⟨
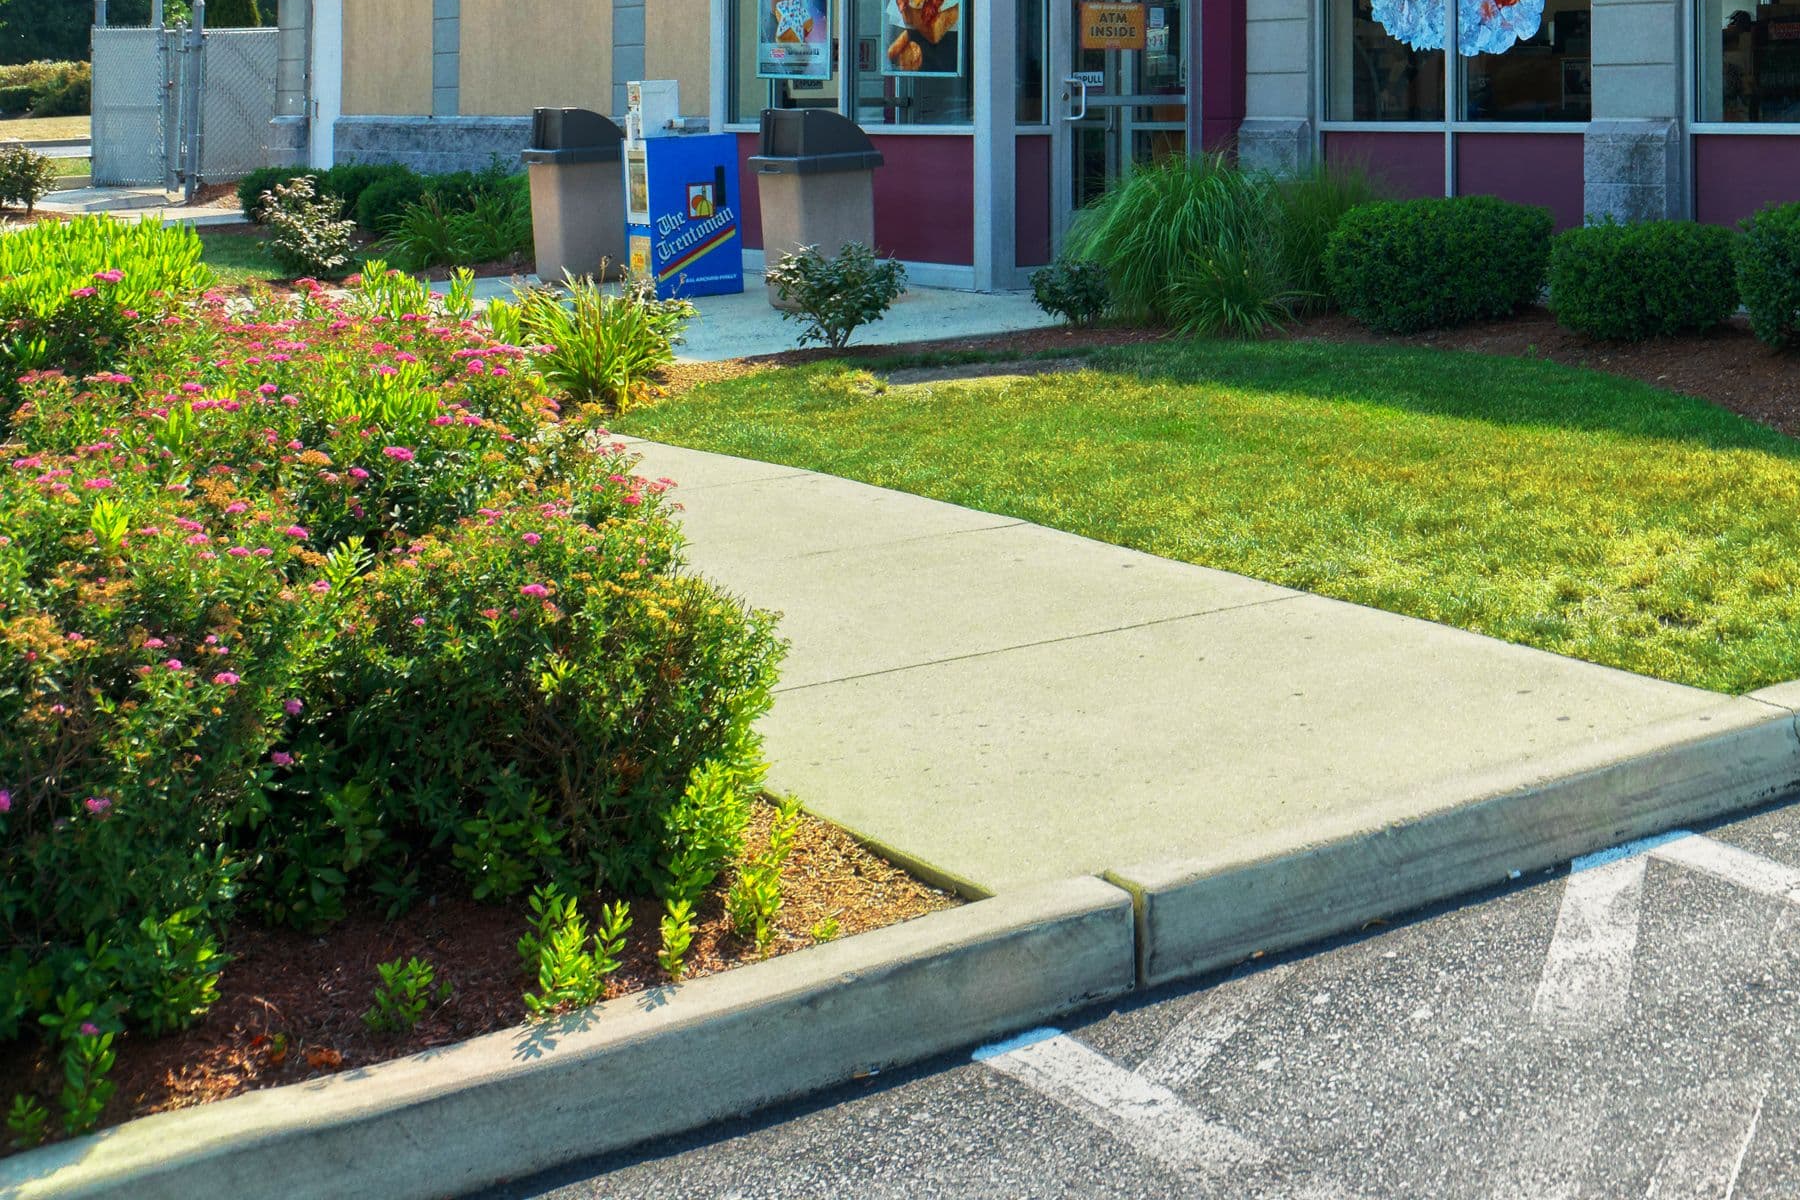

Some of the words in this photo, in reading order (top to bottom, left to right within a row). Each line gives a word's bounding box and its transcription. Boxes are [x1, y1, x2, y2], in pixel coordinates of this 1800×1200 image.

[1099, 12, 1127, 23] ATM
[1091, 26, 1136, 37] INSIDE
[1083, 74, 1102, 84] PULL
[656, 209, 686, 239] The
[656, 206, 735, 265] Trentonian
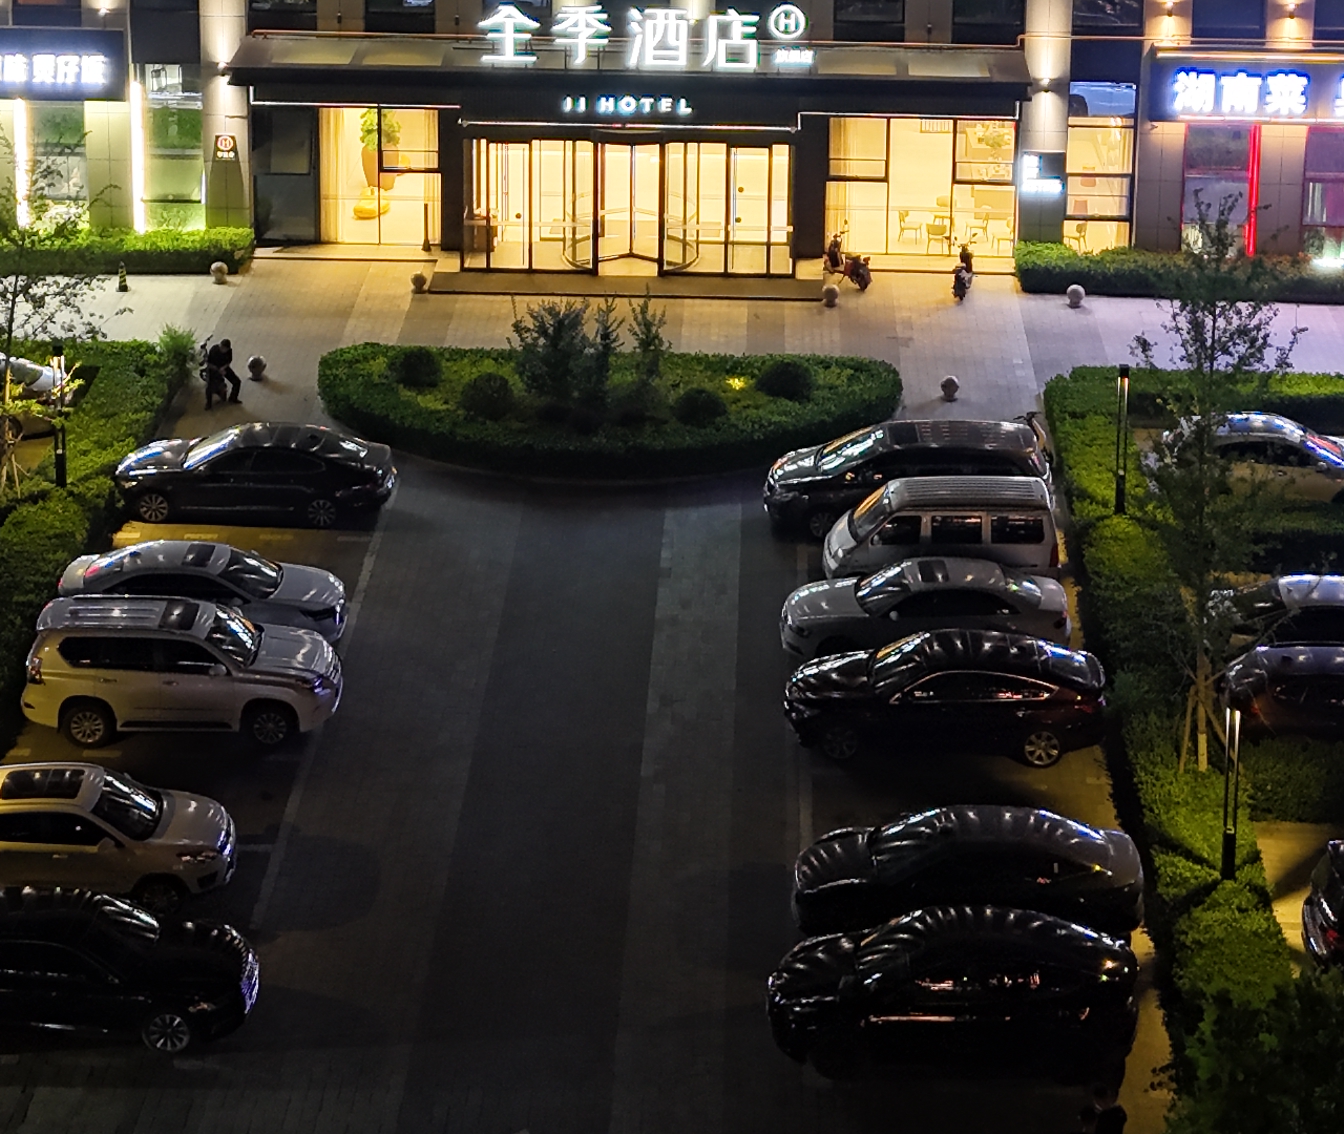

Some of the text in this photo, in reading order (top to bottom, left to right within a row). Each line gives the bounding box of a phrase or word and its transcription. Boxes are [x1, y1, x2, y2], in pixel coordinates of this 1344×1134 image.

[478, 3, 760, 69] 全季酒店
[597, 94, 693, 114] HOTEL
[1173, 71, 1308, 115] 湖南菜
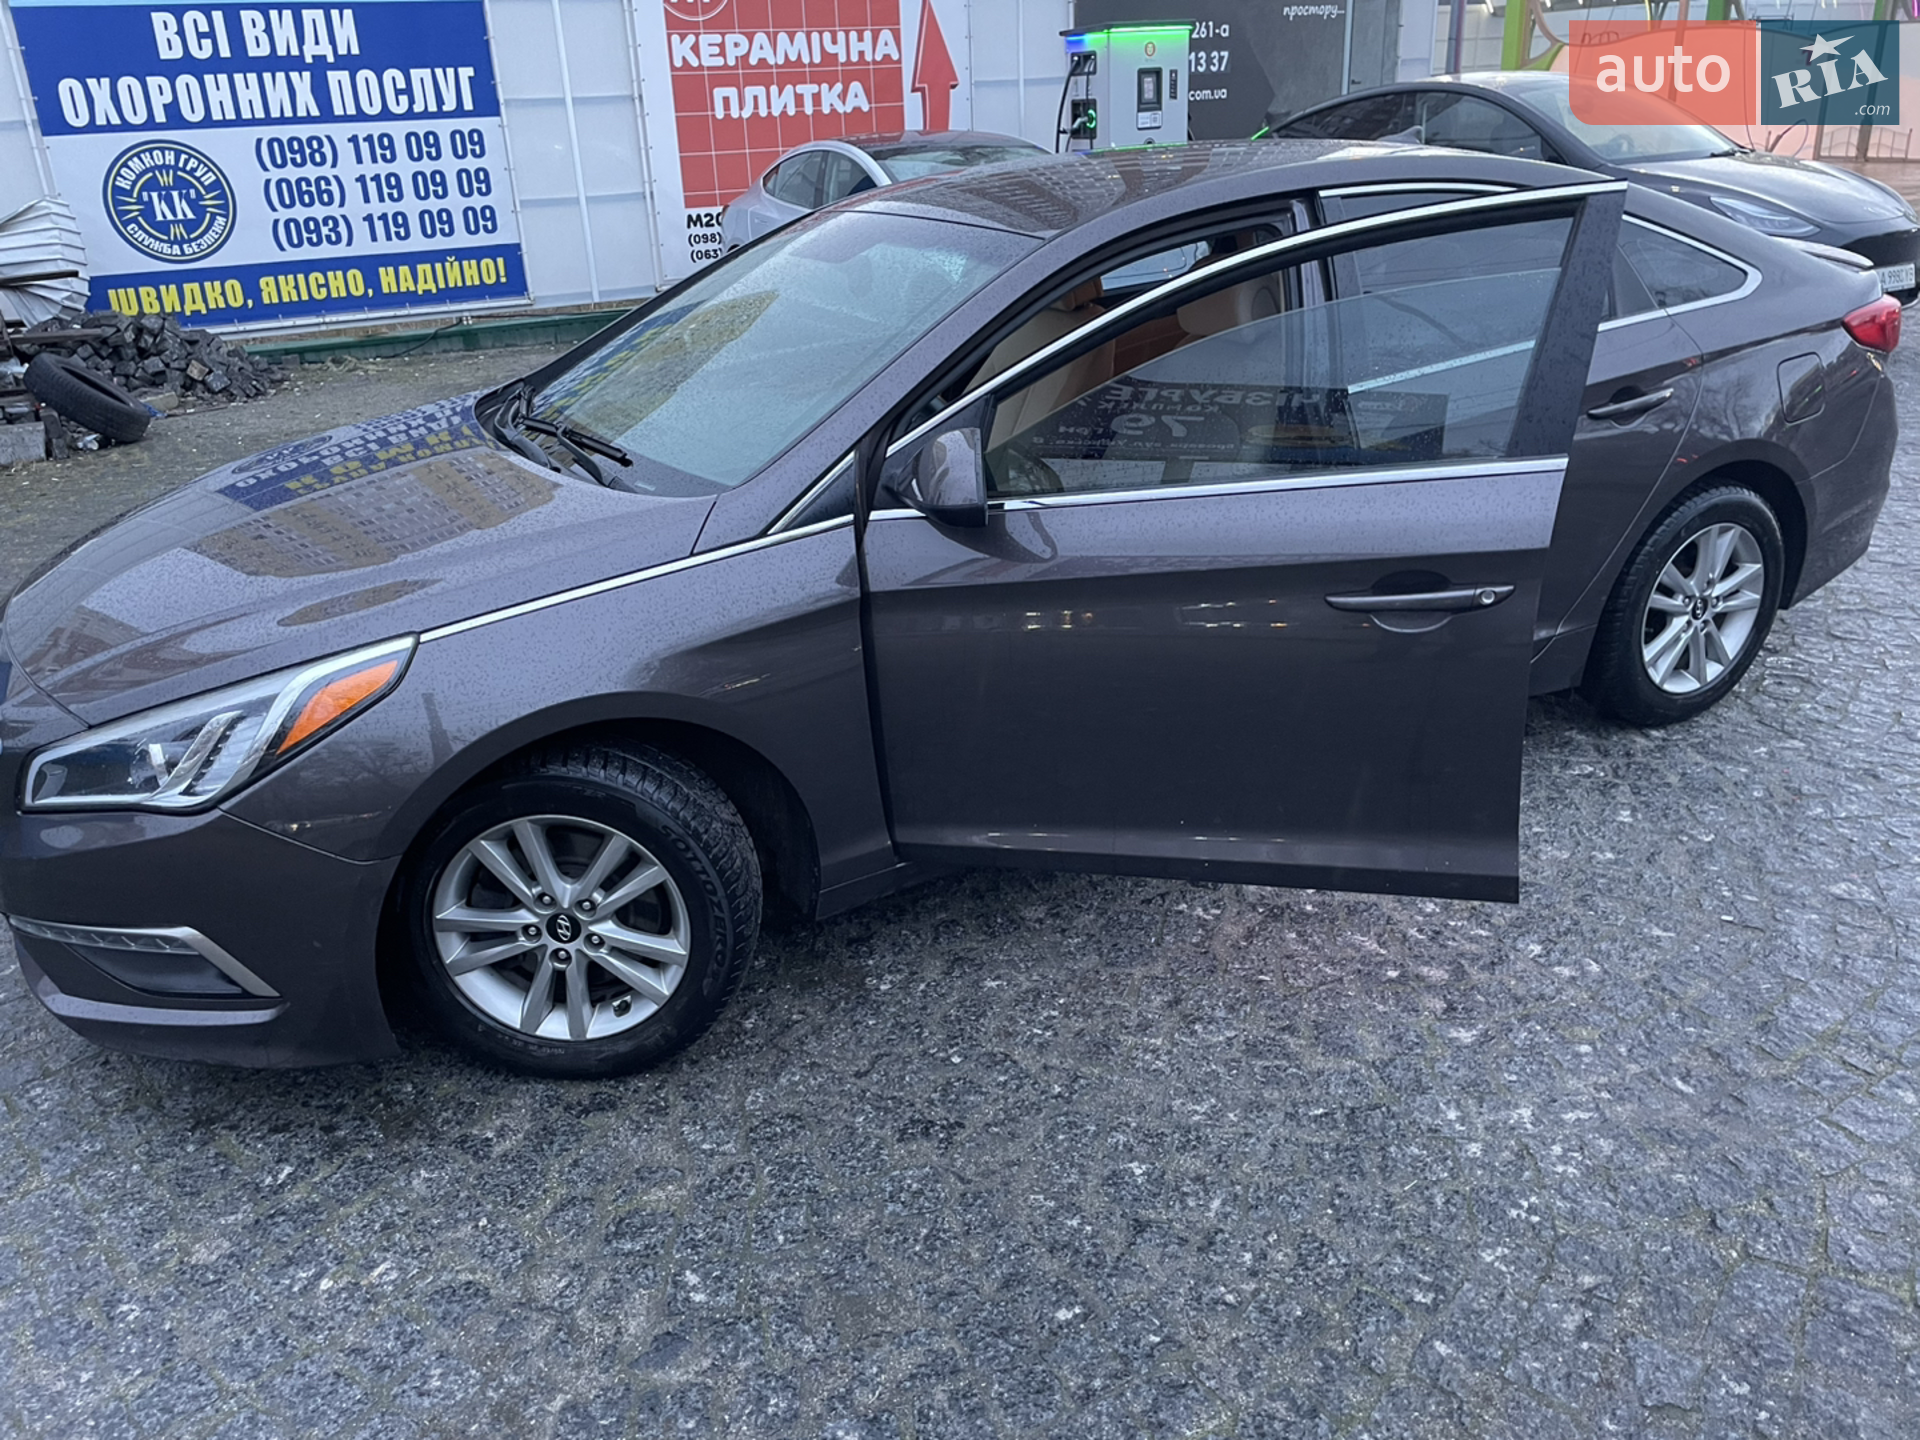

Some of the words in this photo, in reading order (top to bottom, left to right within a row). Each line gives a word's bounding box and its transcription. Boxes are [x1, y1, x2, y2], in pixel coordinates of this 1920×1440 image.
⟩
→ Exercise goal: Print out all the material word for word but exclude any images.

→ Result of the exercise:
Some of the words in this photo, in reading order (top to bottom, left to right within a row). Each line gives a word's bounding box and its transcription. Boxes are [x1, y1, x2, y2], in pixel coordinates of this 1800×1200 image.

[1099, 12, 1127, 23] ATM
[1091, 26, 1136, 37] INSIDE
[1083, 74, 1102, 84] PULL
[656, 209, 686, 239] The
[656, 206, 735, 265] Trentonian

Some of the text in this photo, in reading order (top to bottom, left to right within a row). Each line gives the bounding box of a phrase or word and its transcription. Boxes are [x1, y1, x2, y2], in pixel coordinates of this 1344×1134 image.

[478, 3, 760, 69] 全季酒店
[597, 94, 693, 114] HOTEL
[1173, 71, 1308, 115] 湖南菜

Some of the words in this photo, in reading order (top to bottom, left to right within a row). Each line gives a word's bounding box and its transcription. Boxes are [x1, y1, x2, y2], in pixel coordinates of this 1920×1440 image.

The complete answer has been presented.